En France, il faut compter entre 500 et 700 € pour six séances de coaching privé via Zoom. En Suisse, un coaching en ligne d'une heure peut coûter jusqu'à 200 francs.
L'atelier bien-être évoqué plus haut, composé de six intervenants, coûte pas moins de 5 000 euros, hors taxes et hors frais de déplacement. Elle dure en moyenne 90 minutes et peut également se faire par vidéoconférence.
Le bonheur, une simple question de volonté ?
Pour Gaël Brulé, sociologue du bonheur et professeur associé à la HES de Genève, cette multiplication des « coachs bien-être » illustre l'importance que nous accordons au bonheur dans notre société. Et combien ce concept est valorisé aujourd’hui, notamment à travers les réseaux sociaux. A l’inverse, être malheureux est presque devenu un sentiment de honte.
« Mais cela n'a pas toujours été comme ça », note l'auteur de « Le bonheur n'est pas là où vous pensez ». Jusqu’à la chute du mur de Berlin en 1989, deux visions du bonheur s’affrontaient : la vision collective de l’Est et la vision individuelle de l’Ouest. « Cette dernière a finalement pris le dessus et pendant trois décennies le bonheur était considéré comme un bien-être individuel, et aujourd'hui c'est devenu un devoir de ne pas être heureux, c'est presque une exclusion sociale. »
D'opportunité, le bonheur est devenu presque une obligation
De plus, les réseaux sociaux ont fait l'effet d'une caisse de résonance et ont renforcé cette prescription sociale du bonheur, estime Gaël Brûlé.

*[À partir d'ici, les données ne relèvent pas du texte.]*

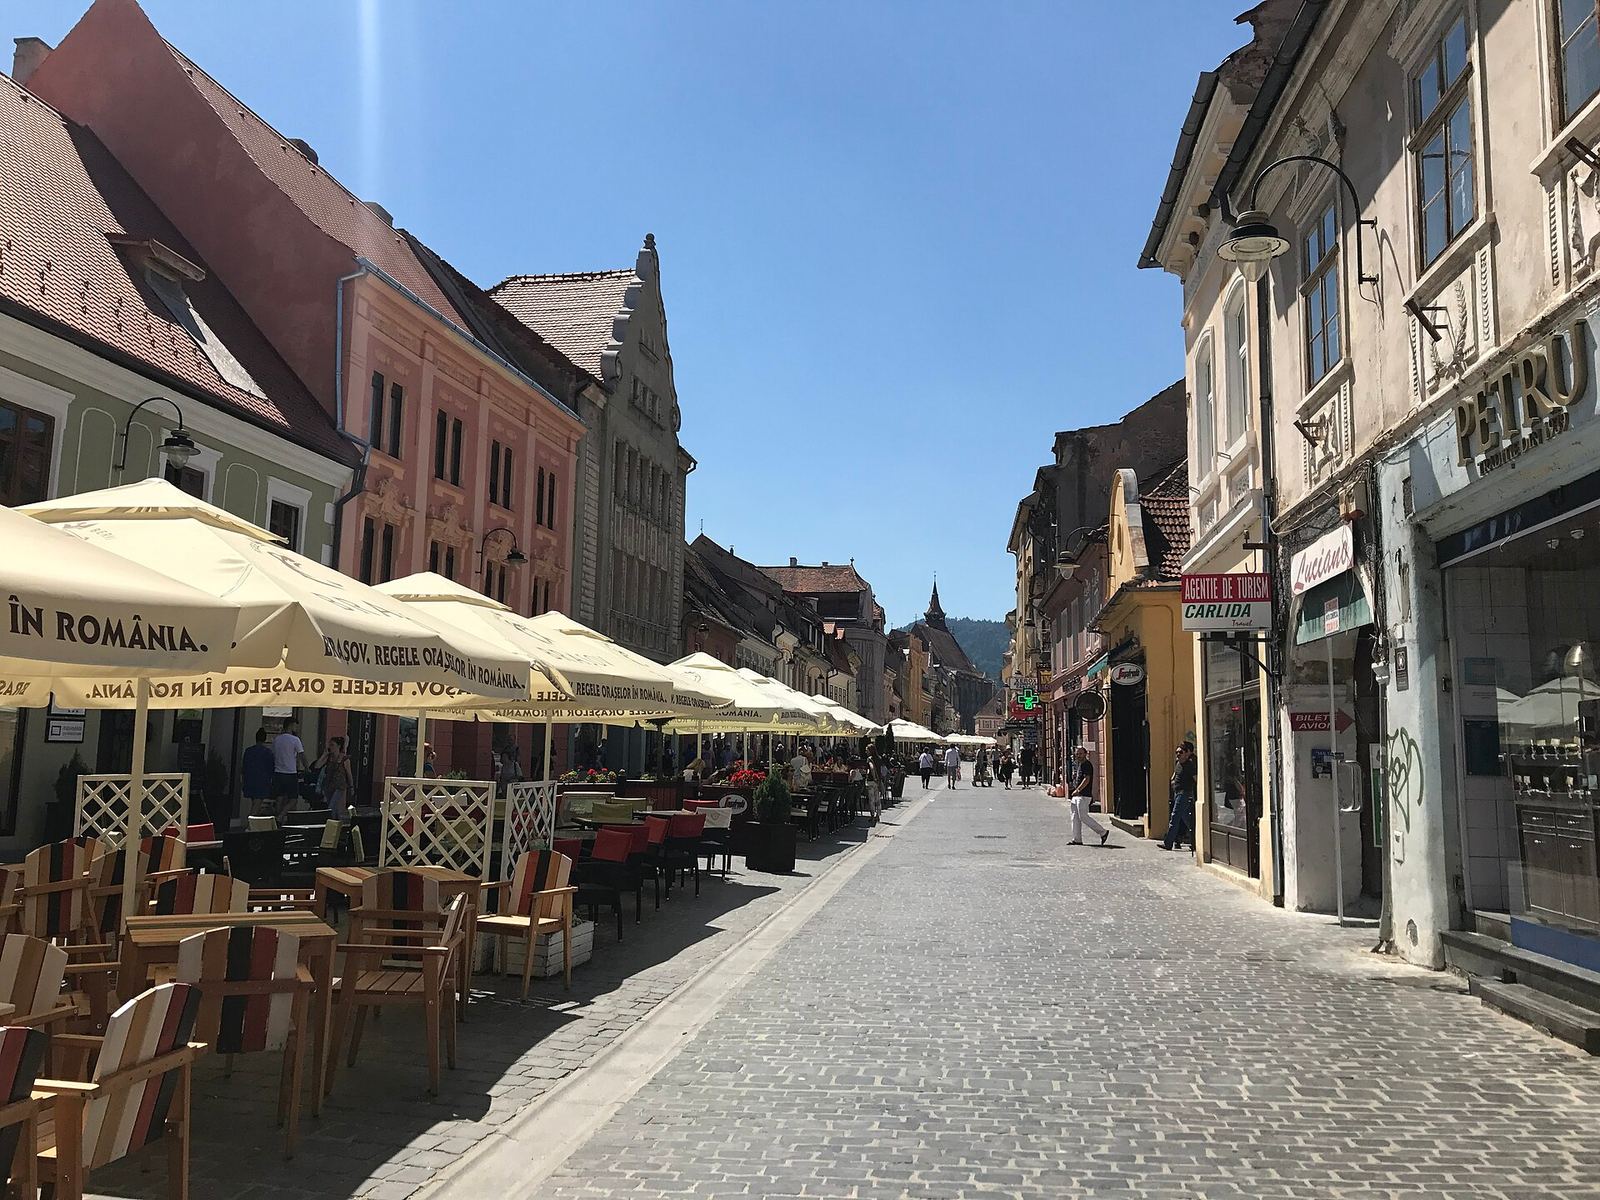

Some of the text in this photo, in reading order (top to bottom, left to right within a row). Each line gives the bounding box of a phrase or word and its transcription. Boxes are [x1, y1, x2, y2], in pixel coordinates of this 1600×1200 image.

Le bonheur se résume désormais à la responsabilité personnelle, être heureux dépend de nous. Un discours qui ne fait pas forcément du bien à celui qui le reçoit. « Il s'agit en grande partie d'une aide culpabilisante », souligne le sociologue. « Il y a cette idée selon laquelle nous avons tous les outils pour être heureux. Si nous ne parvenons pas à être heureux, c’est nécessairement notre faute. L’idée de fatalité qui aurait pu tempérer ce sentiment n’existe plus dans une société où l’individu est tout-puissant.